■ What to work on ■
Transcribe every entry that follows exactly, omitting all pictures.

■ Record set ■
____________________

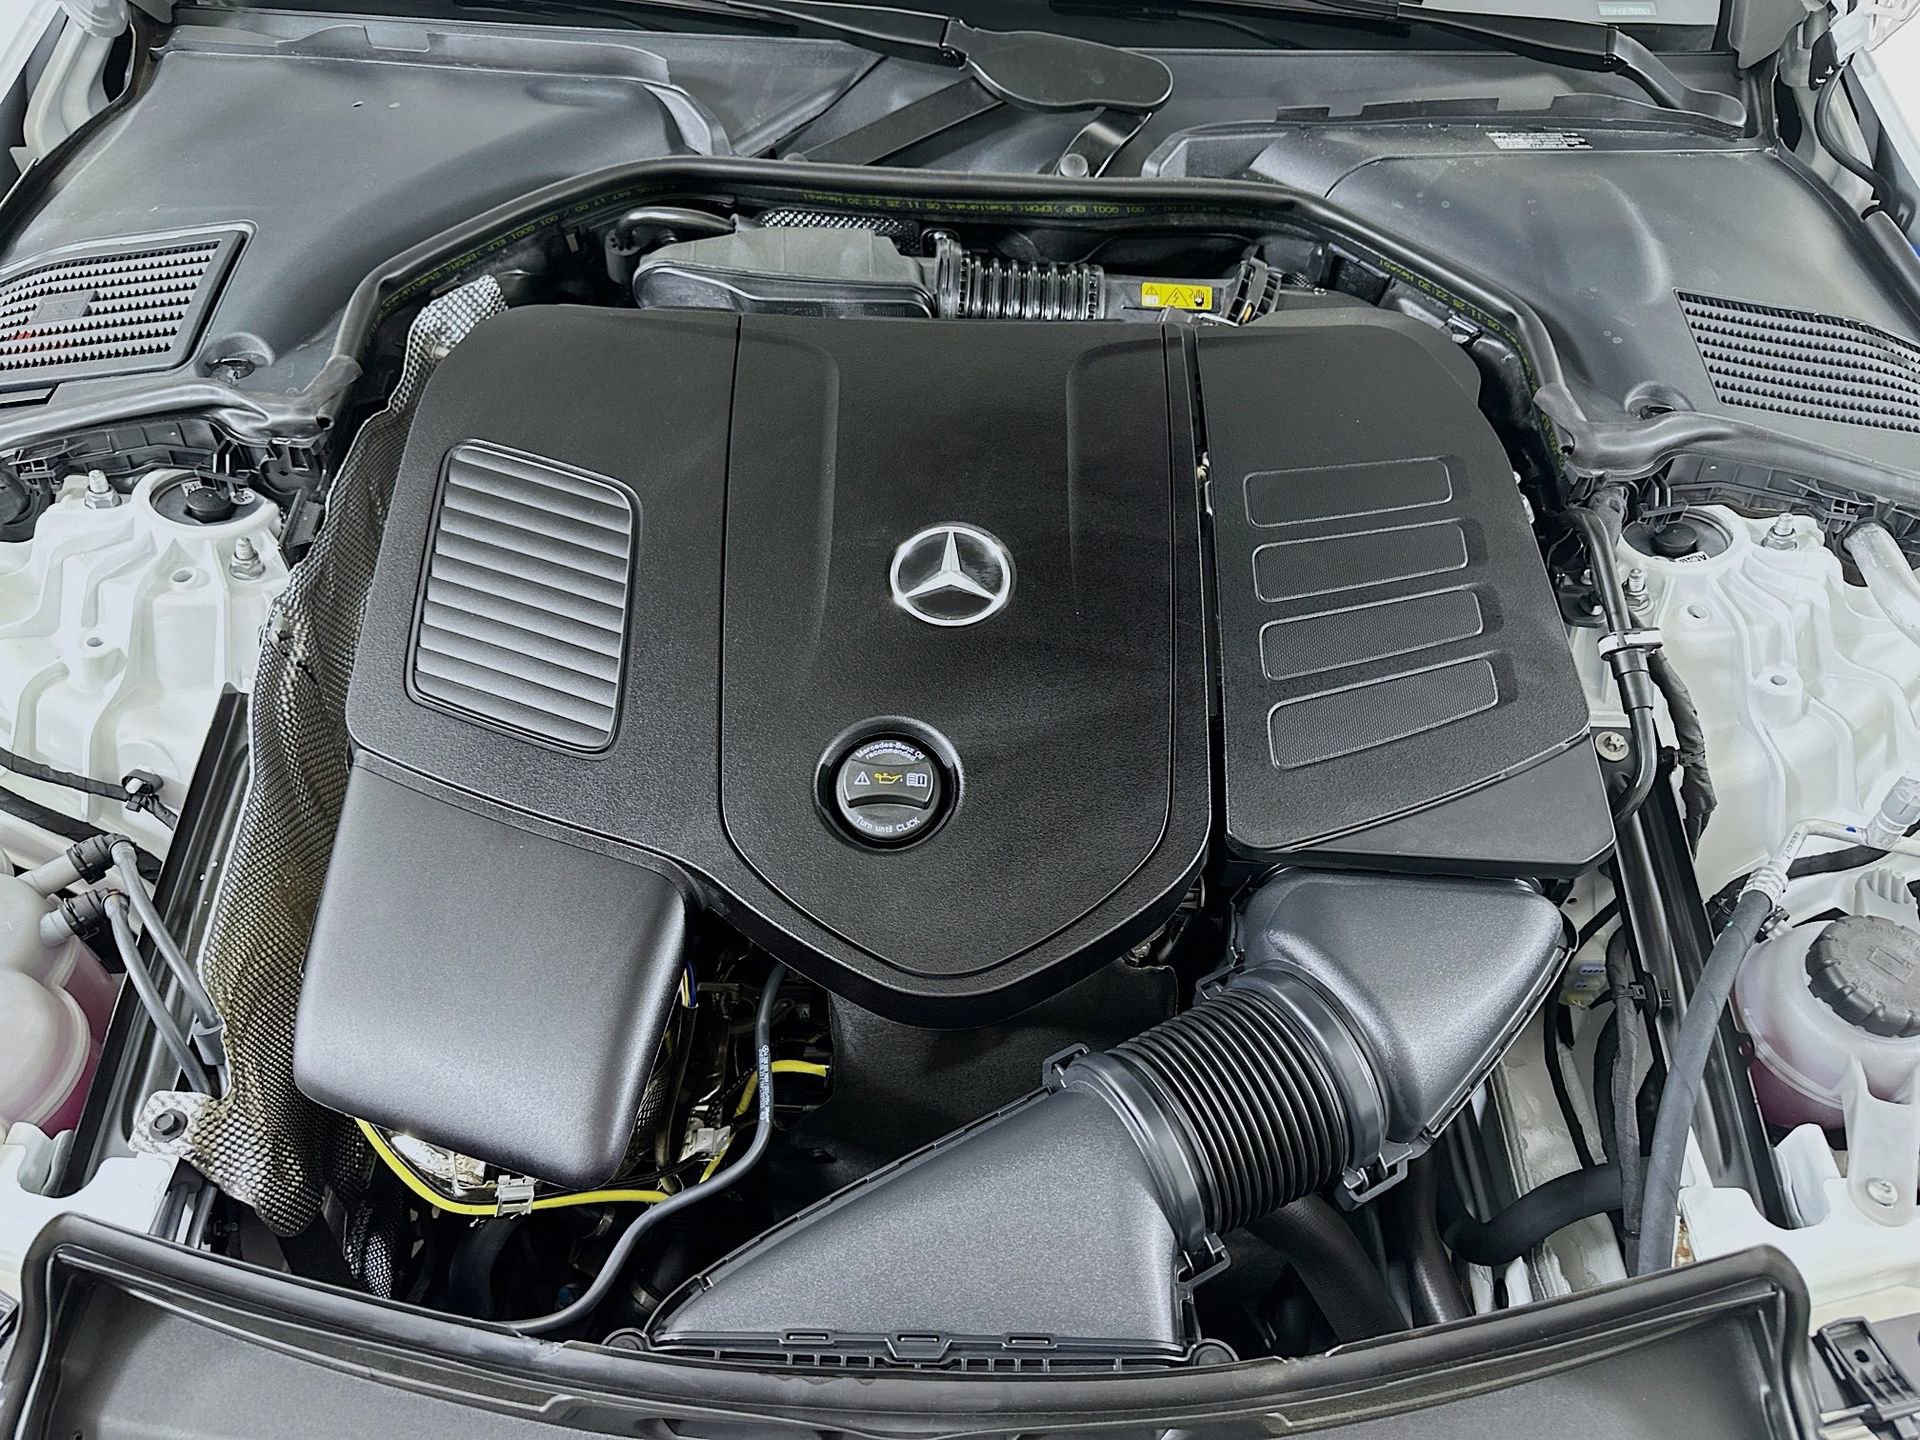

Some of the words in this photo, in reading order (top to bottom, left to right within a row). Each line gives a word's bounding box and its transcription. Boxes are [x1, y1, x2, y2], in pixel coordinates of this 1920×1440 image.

[1065, 204, 1089, 214] ELP
[855, 741, 915, 759] Mercedes-Benz
[865, 747, 918, 762] recommended
[856, 814, 873, 831] Turn
[875, 824, 893, 833] until
[896, 816, 921, 832] CLICK
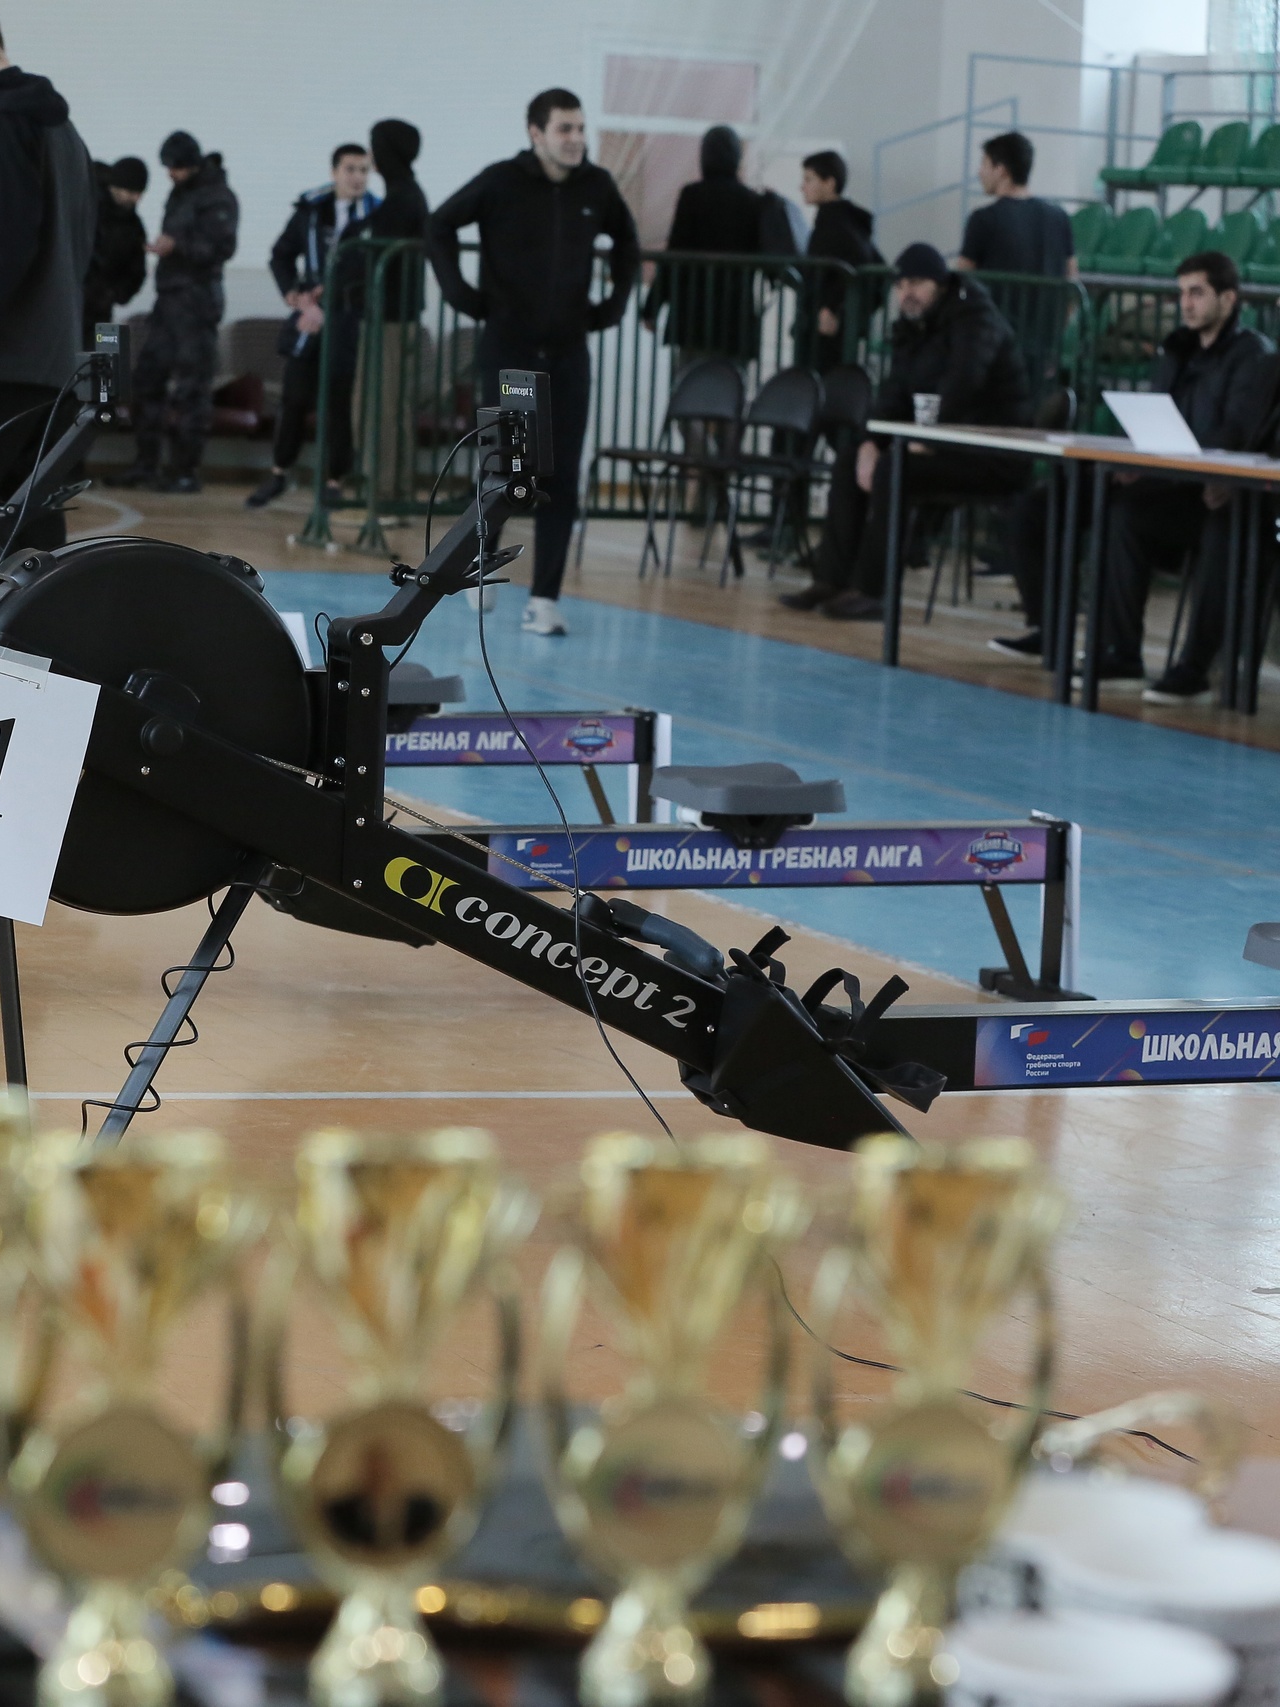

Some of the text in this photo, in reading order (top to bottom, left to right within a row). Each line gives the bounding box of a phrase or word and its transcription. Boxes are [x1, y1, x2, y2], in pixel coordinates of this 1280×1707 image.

[475, 730, 527, 751] ЛИГА
[627, 845, 923, 871] ШКОЛЬНАЯ ГРЕБНАЯ ЛИГА
[455, 896, 697, 1029] concept 2
[1026, 1053, 1065, 1061] Федерация
[1025, 1061, 1081, 1070] гребного спорта
[1025, 1069, 1050, 1077] России
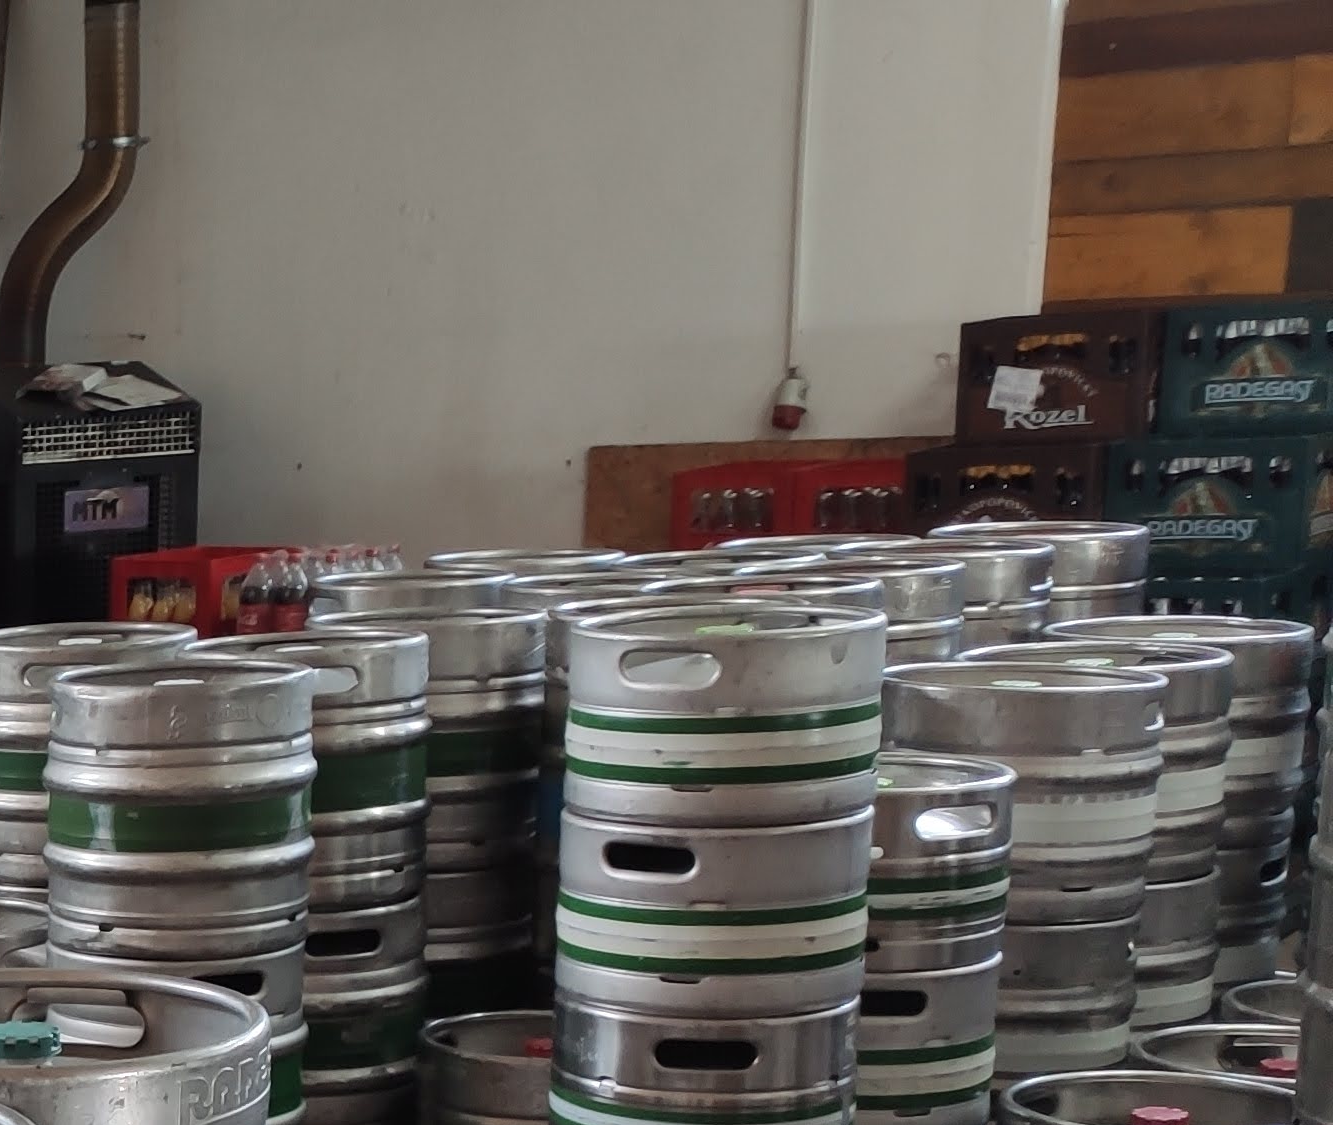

____________________

■ Answer to this problem ■
Some of the words in this photo, in reading order (top to bottom, left to right within a row). Each line gives a word's bounding box and its transcription. Boxes are [x1, y1, x2, y2], in pixel coordinates of this 1920×1440 image.

[1065, 204, 1089, 214] ELP
[855, 741, 915, 759] Mercedes-Benz
[865, 747, 918, 762] recommended
[856, 814, 873, 831] Turn
[875, 824, 893, 833] until
[896, 816, 921, 832] CLICK

Some of the text in this photo, in reading order (top to bottom, left to right within a row). Each line gives the bounding box of a phrase or word and its transcription. Boxes are [x1, y1, x2, y2], in pixel coordinates of this 1280×1707 image.

[475, 730, 527, 751] ЛИГА
[627, 845, 923, 871] ШКОЛЬНАЯ ГРЕБНАЯ ЛИГА
[455, 896, 697, 1029] concept 2
[1026, 1053, 1065, 1061] Федерация
[1025, 1061, 1081, 1070] гребного спорта
[1025, 1069, 1050, 1077] России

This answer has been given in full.